1 . This office action is responsive to the amendment filed on September 6, 2007, claims 2, 
9, and 16 have been cancelled, claims 1, 3-4, 8, 10-12, 15, and 17-19 are amended, claims 1, 3-8, 
10-15, and 17-19 are pending and have been examined. 



Claim Rejections - 35 USC § 103 

The following is a quotation of 35 U.S.C. 103(a) which forms the basis for all 
obviousness rejections set forth in this Office action: 

(a) A patent may not be obtained though the invention is not identically disclosed or described as set forth in 
section 102 of this title, if the differences between the subject matter sought to be patented and the prior art are 
such that the subject matter as a whole would have been obvious at the time the invention was made to a person 
having ordinary skill in the art to which said subject matter pertains.
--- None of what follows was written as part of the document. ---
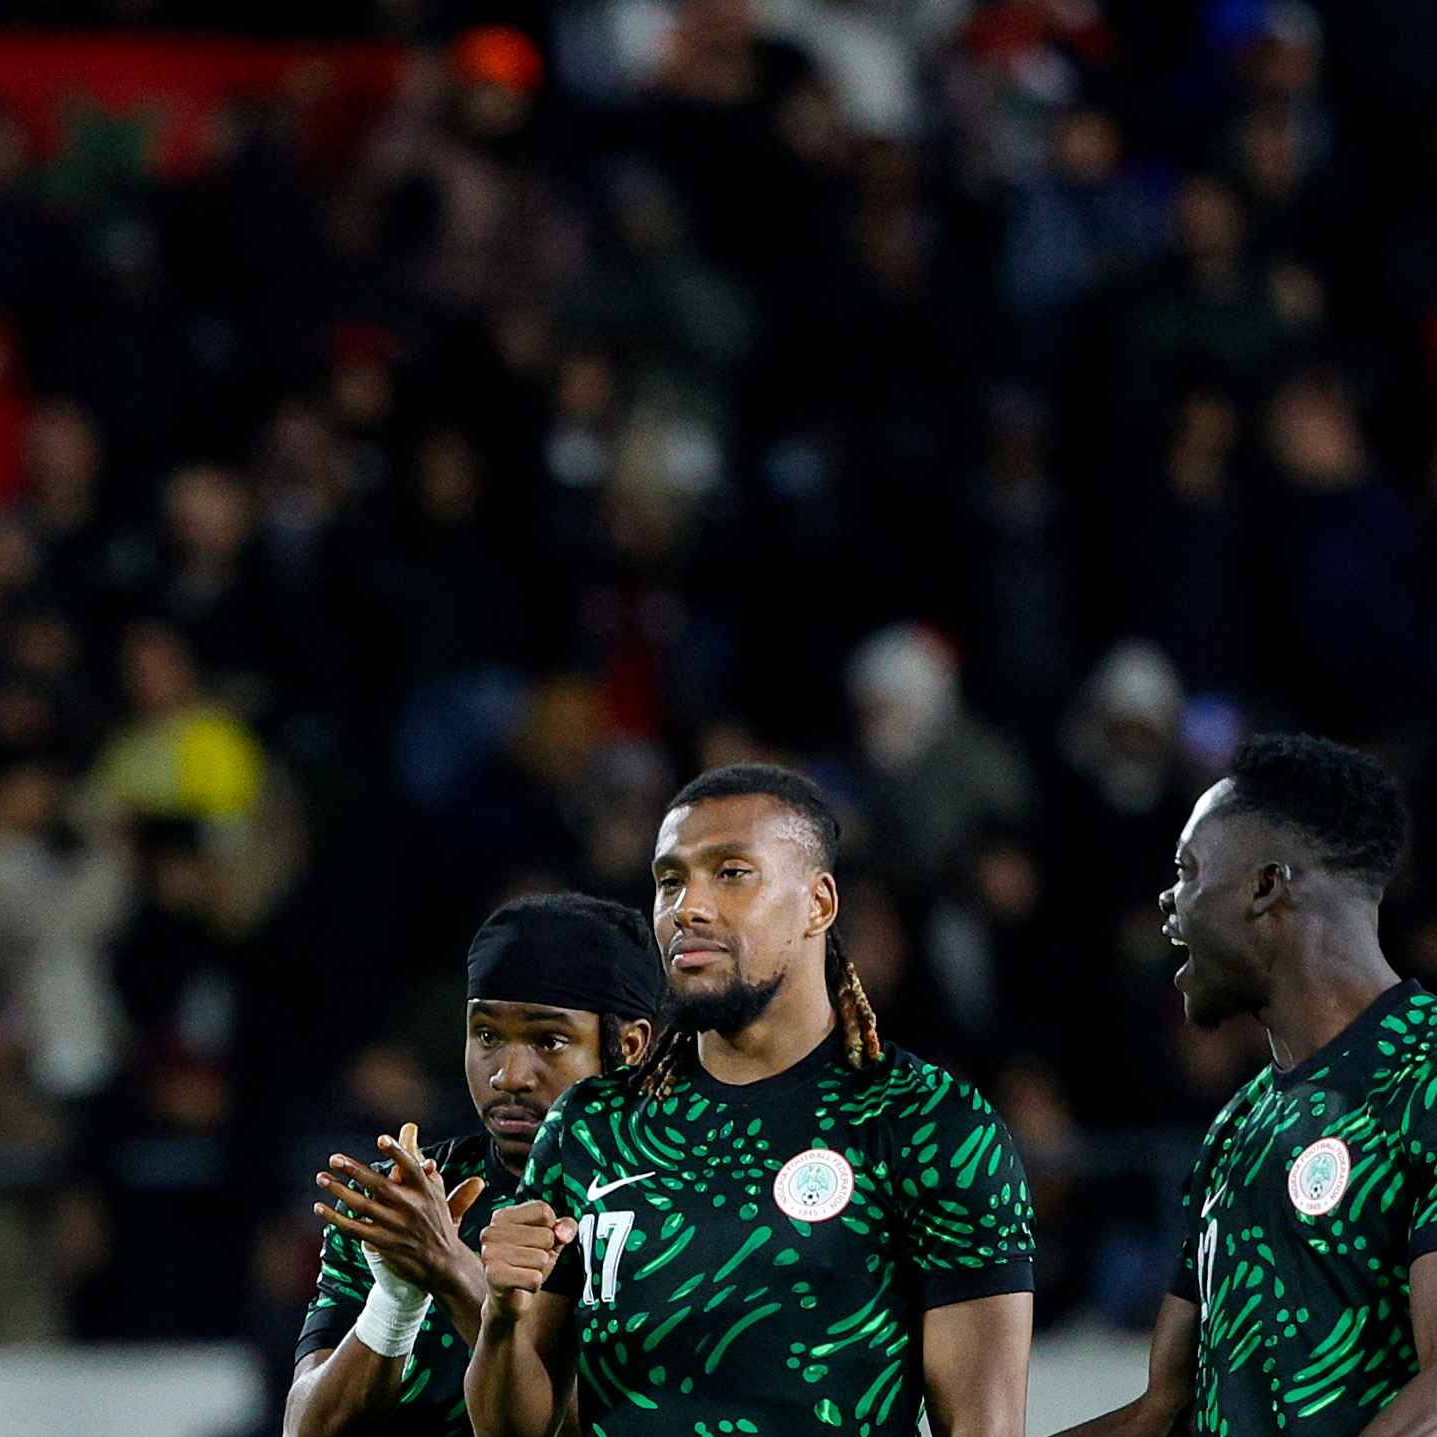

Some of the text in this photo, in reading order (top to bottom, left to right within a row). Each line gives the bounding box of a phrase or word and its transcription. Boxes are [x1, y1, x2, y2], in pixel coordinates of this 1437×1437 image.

[829, 1157, 849, 1209] FEDERATION
[798, 1208, 819, 1217] 1945
[579, 1211, 635, 1305] 17
Patentability shall not be negatived by the 
manner in which the invention was made. 

2. Claims 1, 3-8, 10-15, and 17-19 are rejected under 35 U.S.C. 103(a) as being 

unpatentable over Van Thong et al (Us Patent 6,490,553) in view of Reynar (US Patent No. 

6,446,041). 

Claim 1. Van Thong teaches, a method of dynamically and automatically adjusting a 
speech output rate match an speech input rate, comprising the steps of: 
receiving a speech input; (Fig. 2 Speech input 17) 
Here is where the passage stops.